Always harping on that one string. Was it nothing more than a lore of
torturing some one that made him reiterate those words? Or did he wish
to drive home more deeply the conviction that she was indeed dead?
"Have you communicated the intelligence of her death to her trustee in
Australia?" I asked.
"No; why should I?" he said, "no good would come of it to me. Why should
I trouble myself about it?"
"Nor to your step-sister?" I added.
"To Mrs. Dobree?" he rejoined; "no, it does not signify a straw to her
either. She holds herself aloof from me now, confound her! You are not
on very good terms with her yourself, I believe?"
"The cab was still standing at the door, and I could not leave before it
drove away, or I should have made my visit a short one. Mrs. Foster was
glancing through the window from time to time, evidently on the watch to
see the visitor depart.
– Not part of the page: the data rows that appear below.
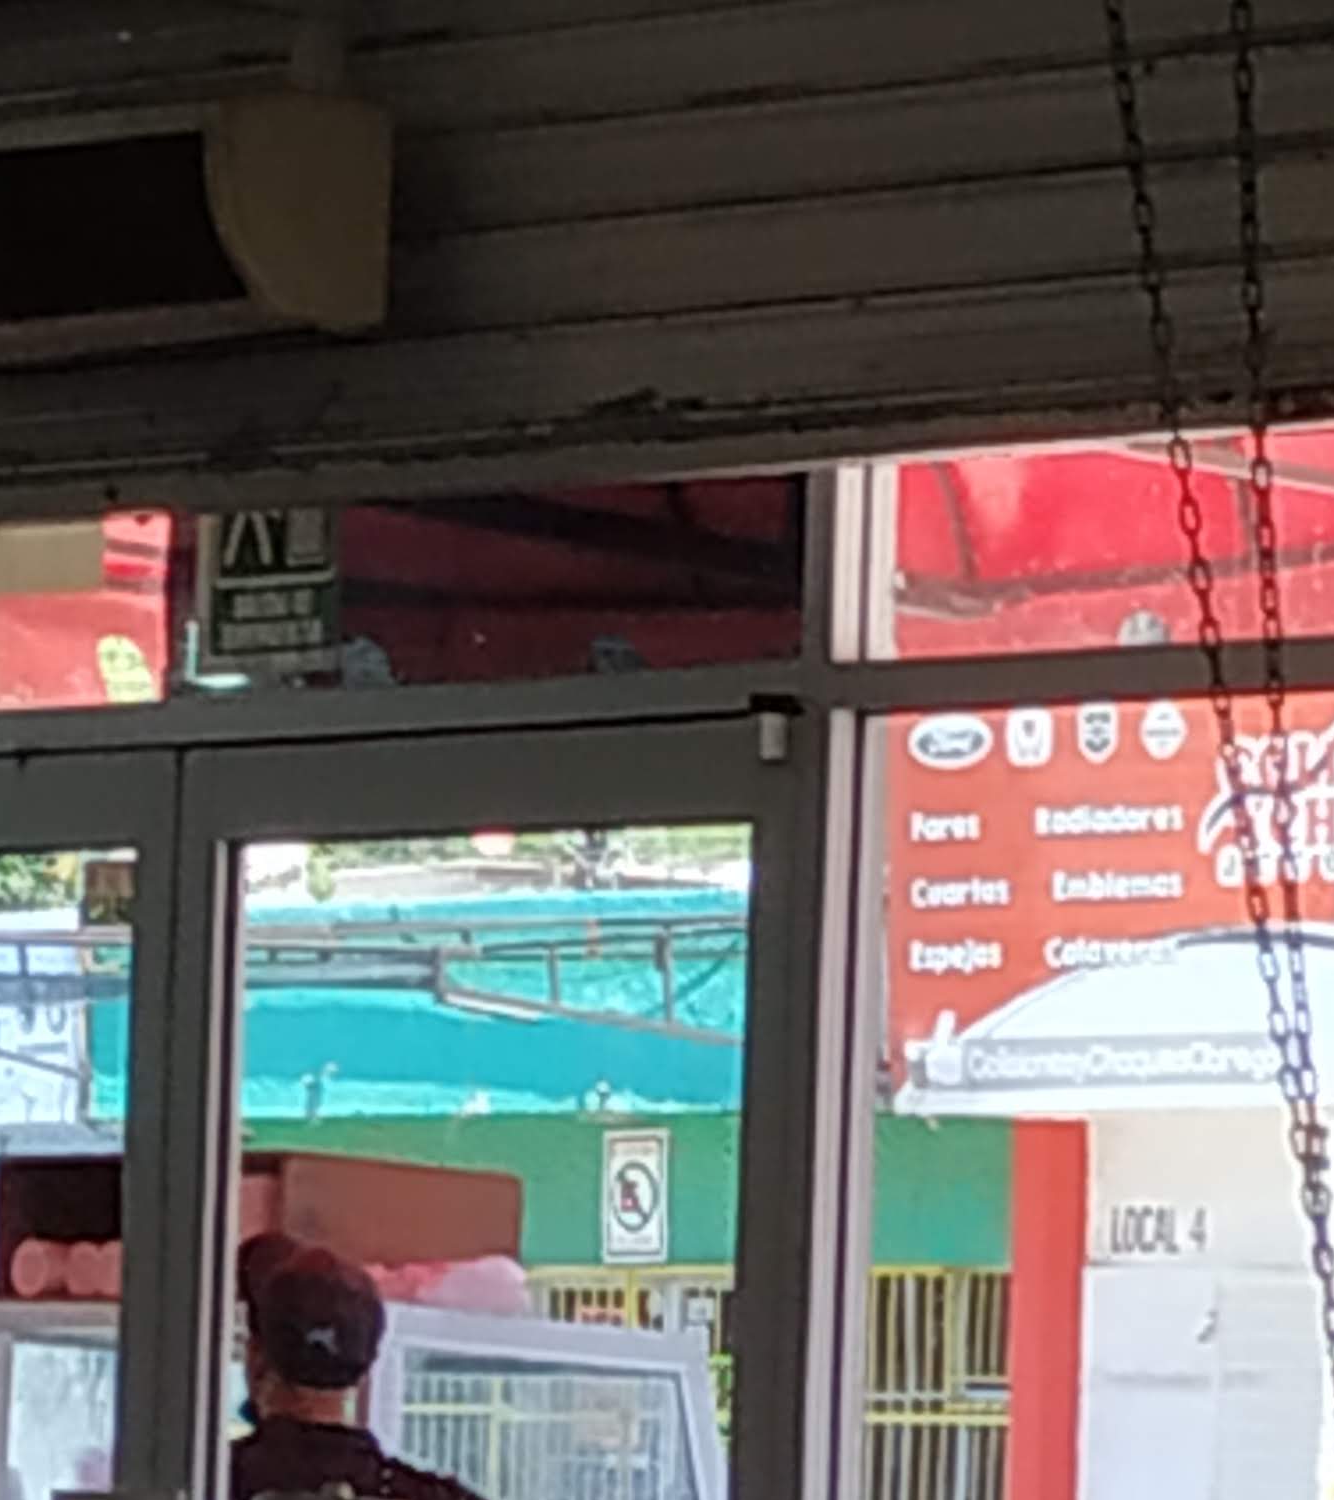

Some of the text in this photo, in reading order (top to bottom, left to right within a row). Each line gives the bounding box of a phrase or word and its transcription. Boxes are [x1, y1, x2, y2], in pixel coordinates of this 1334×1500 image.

[911, 812, 980, 842] Faros
[1035, 806, 1184, 836] Radiadores
[1052, 870, 1183, 902] Emblemas
[909, 938, 1003, 973] Espejos
[1110, 1205, 1207, 1254] LOCAL 4
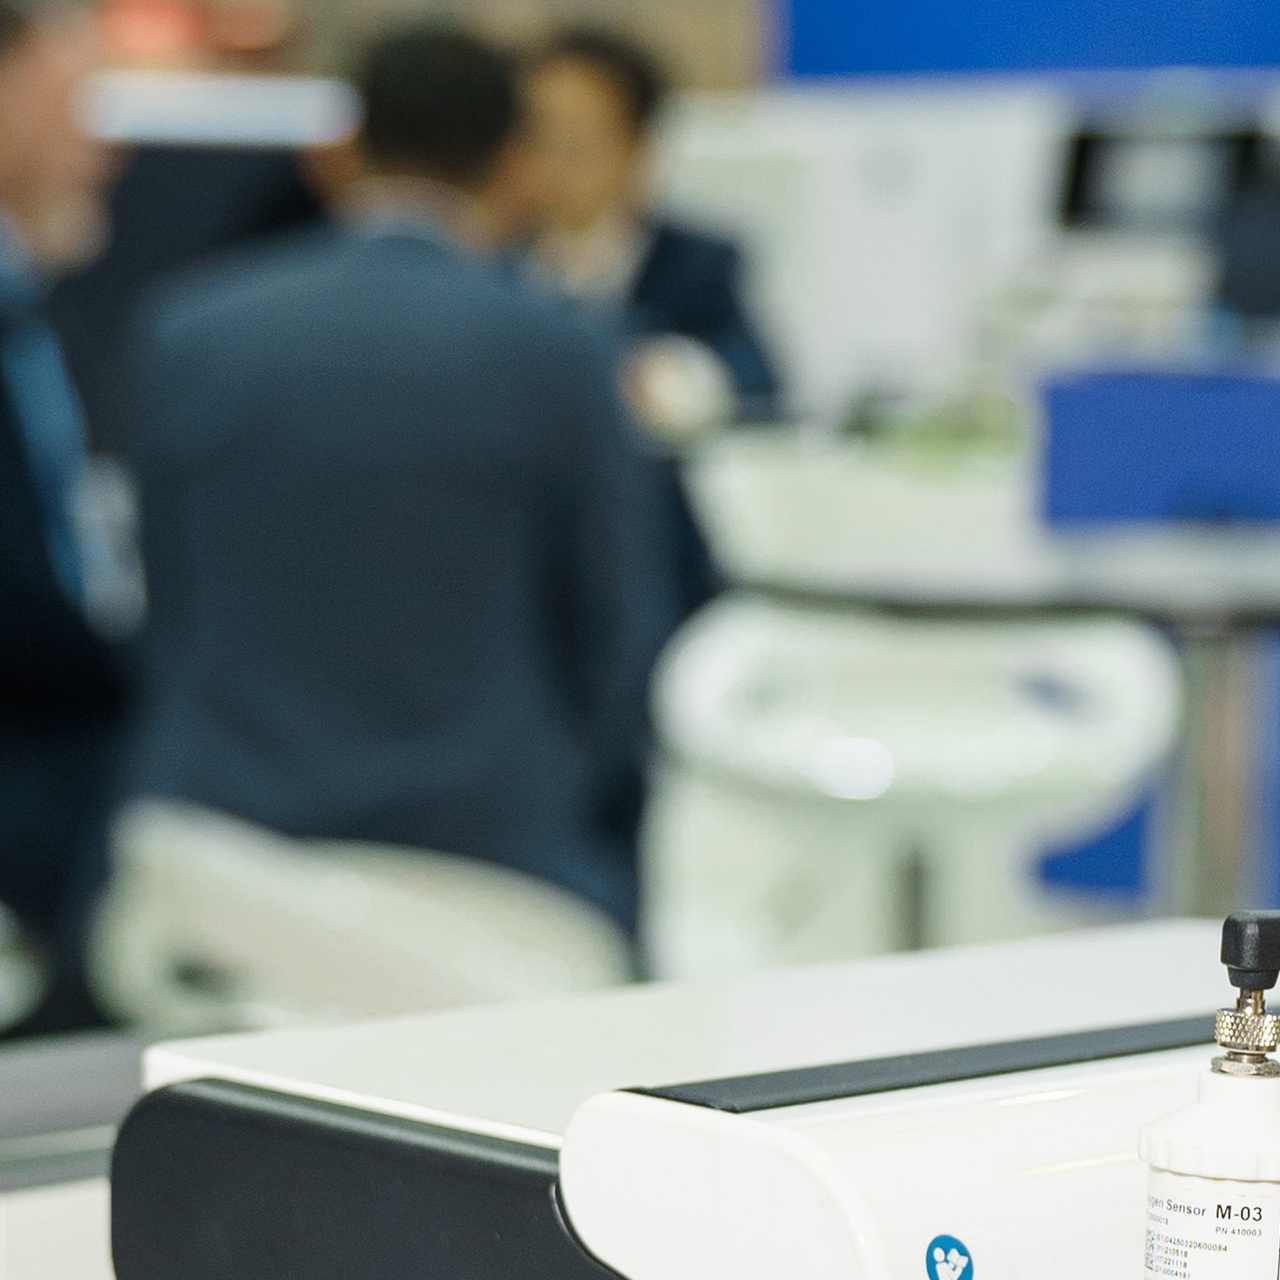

Would she recognize Johanna? She had stayed some
weeks in Guernsey; and Johanna was a fine, stately-looking woman,
noticeable among strangers. I must do something to get her away from her
post of observation.
"Mrs. Foster," I said, and her eyes sparkled at the sound of her name,
"I should be exceedingly obliged to you if you will give me another
sight of those papers you showed to me the last time I was here."
She was away for a few minutes, and I heard the cab drive off before she
returned. That was the chief point gained. When the papers were in my
hand, I just glanced at them, and that was all.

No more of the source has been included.